5. Ventas, Inc. (4.4% Yield)
We first added Ventas (VTR) to our watchlist back in late July, and the share price has become increasingly attractive since that time.
Ventas is a healthcare REIT with a diversified investment portfolio, an attractive dividend yield (4.4%), and the winds of an enormous demographic trend at its back. Further, we believe the dividend is quite safe, and this REIT has many years of continued growth ahead. You can read our earlier full report on Ventas here...
4. Starwood Property Trust (8.9% Yield)
Starwood Property Trust (STWD) is a big dividend (8.9%) mortgage REIT that could actually benefit from an uptick in market turmoil. Further, we believe Starwood inappropriately sold off over the last several weeks because it was inappropriately lumped in with other big-dividend payers.
You can read our full report on Starwood here…
3. New Residential Investment Corp (13.5% Yield)

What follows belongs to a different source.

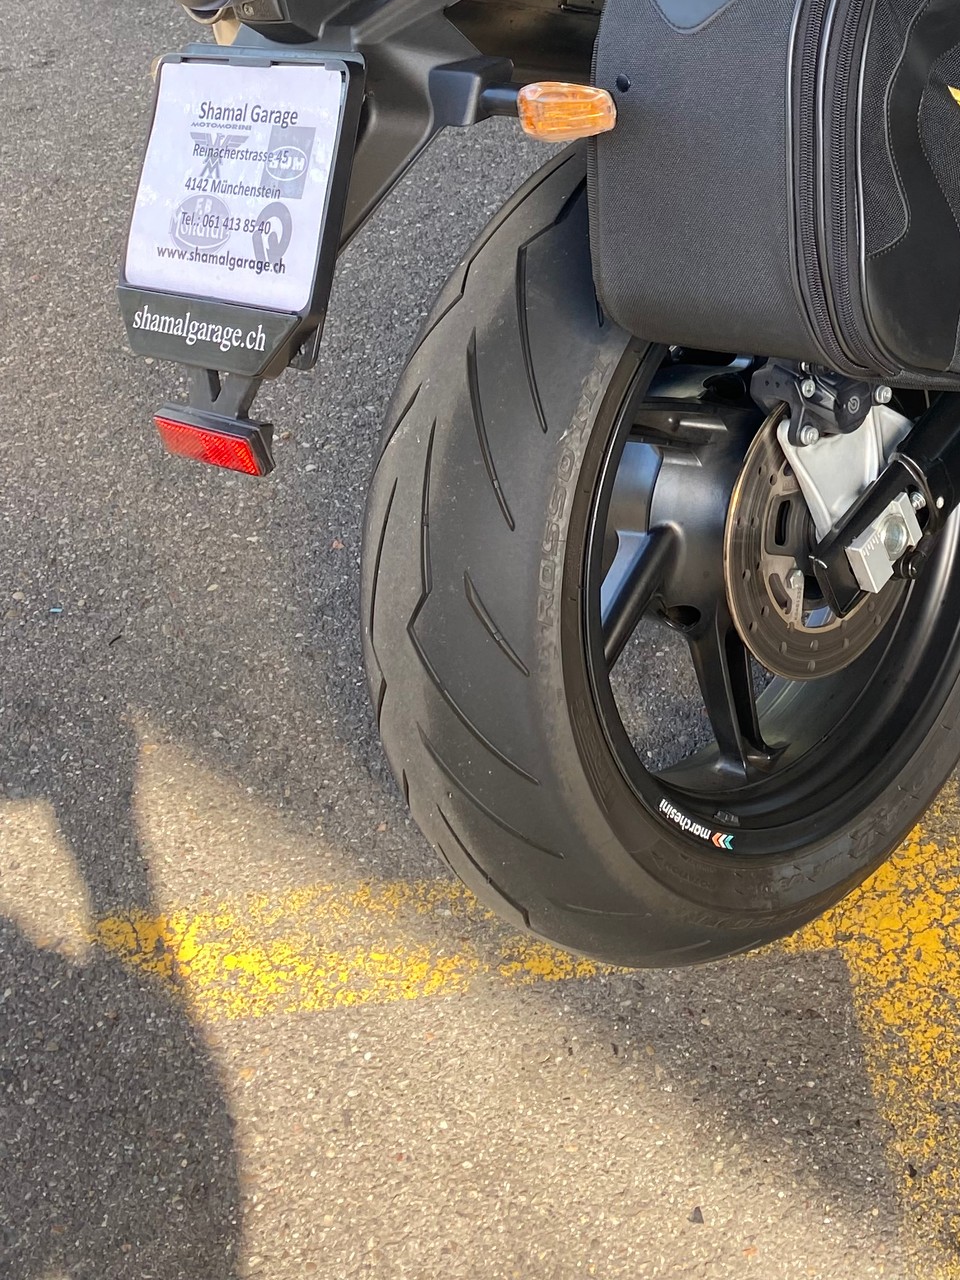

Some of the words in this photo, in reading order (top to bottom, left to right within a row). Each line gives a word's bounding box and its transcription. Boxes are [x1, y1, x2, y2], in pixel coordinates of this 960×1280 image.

If you like big dividends and discounted prices, mortgage REIT New Residential (NRZ) pays an enormous 13.5% dividend and its shares have declined nearly 8% in the last two months.
We continue to own New Residential as one of our higher-risk / higher-reward allocations within our Blue Harbinger Income Equity portfolio because we believe the company can continue to maintain and grow its profitability via its new growth in MSR states and its growing call rights business. You can read our full report on NRZ here…
2. EastGroup Properties (3.6% Yield)
EastGroup Properties (EGP) is an industrial REIT that offers an attractive 3.6% dividend yield. Additionally, EGP has sold off 9% since September 28th as it got caught up in the indiscriminate selling across the REIT sector (REITs were overheating this year and have recently pulled backed sharply).
We believe now is an attractive time to consider shares if you don’t already have a position. Specifically, the valuation is attractive, the dividend is well-covered (and growing), and the business is relatively stable. You can read our full report on EGP here…
1. Omega Healthcare (7.2% Yield)
Omega Healthcare is exposed to risks (because of its exposure to skilled nursing facilities), but it’s also trading at an extremely attractive valuation (i.e. the market may be overly worried about the risks). It also offers a great dividend yield (7.2%), and the price has come down significantly over the last month. In our view, Omega Healthcare presents an attractive opportunity for income-focused investors as long as it’s held within the constructs of a diversified portfolio.